» HOW TO COMPLETE THIS TASK: In the data below, reproduce everything exactly except the images.

=== Begin Enclosure ===

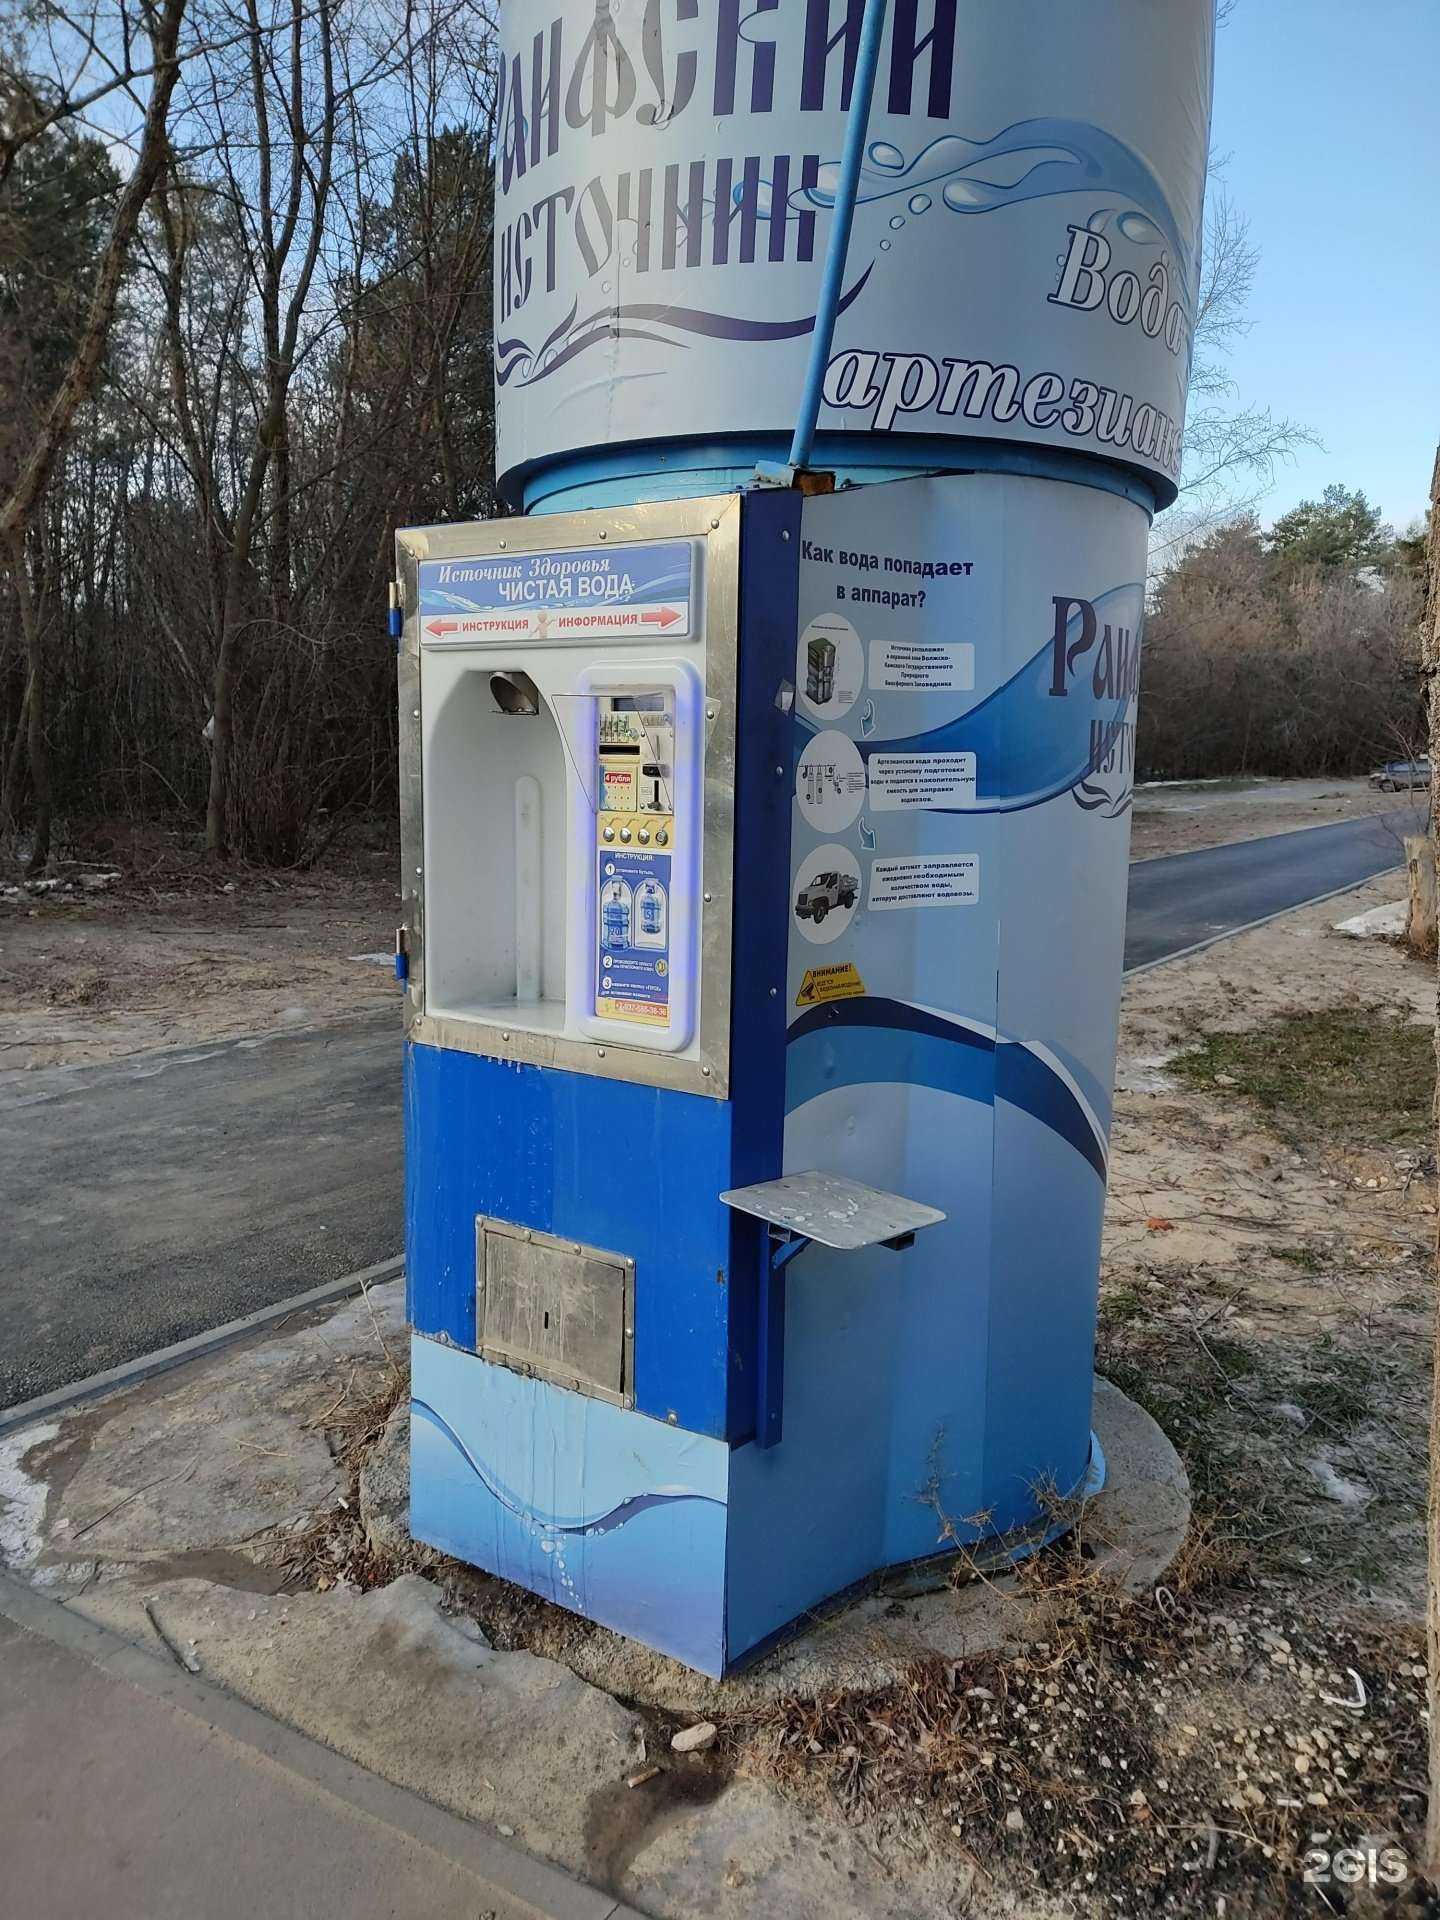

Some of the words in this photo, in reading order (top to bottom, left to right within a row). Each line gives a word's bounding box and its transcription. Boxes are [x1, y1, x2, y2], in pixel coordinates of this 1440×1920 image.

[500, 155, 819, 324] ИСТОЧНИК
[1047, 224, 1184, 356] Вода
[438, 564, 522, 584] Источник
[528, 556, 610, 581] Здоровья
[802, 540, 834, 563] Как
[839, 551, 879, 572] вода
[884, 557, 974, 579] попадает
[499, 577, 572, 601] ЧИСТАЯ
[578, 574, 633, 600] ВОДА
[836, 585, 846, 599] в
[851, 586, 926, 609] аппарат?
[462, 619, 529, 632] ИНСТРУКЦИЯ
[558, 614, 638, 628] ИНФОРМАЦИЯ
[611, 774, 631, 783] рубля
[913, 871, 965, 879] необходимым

=== End Enclosure ===

» ANSWER TO THIS EXERCISE:
Some of the words in this photo, in reading order (top to bottom, left to right within a row). Each line gives a word's bounding box and its transcription. Boxes are [x1, y1, x2, y2], in pixel coordinates of this 1440×1920 image.

[500, 155, 819, 324] ИСТОЧНИК
[1047, 224, 1184, 356] Вода
[438, 564, 522, 584] Источник
[528, 556, 610, 581] Здоровья
[802, 540, 834, 563] Как
[839, 551, 879, 572] вода
[884, 557, 974, 579] попадает
[499, 577, 572, 601] ЧИСТАЯ
[578, 574, 633, 600] ВОДА
[836, 585, 846, 599] в
[851, 586, 926, 609] аппарат?
[462, 619, 529, 632] ИНСТРУКЦИЯ
[558, 614, 638, 628] ИНФОРМАЦИЯ
[611, 774, 631, 783] рубля
[913, 871, 965, 879] необходимым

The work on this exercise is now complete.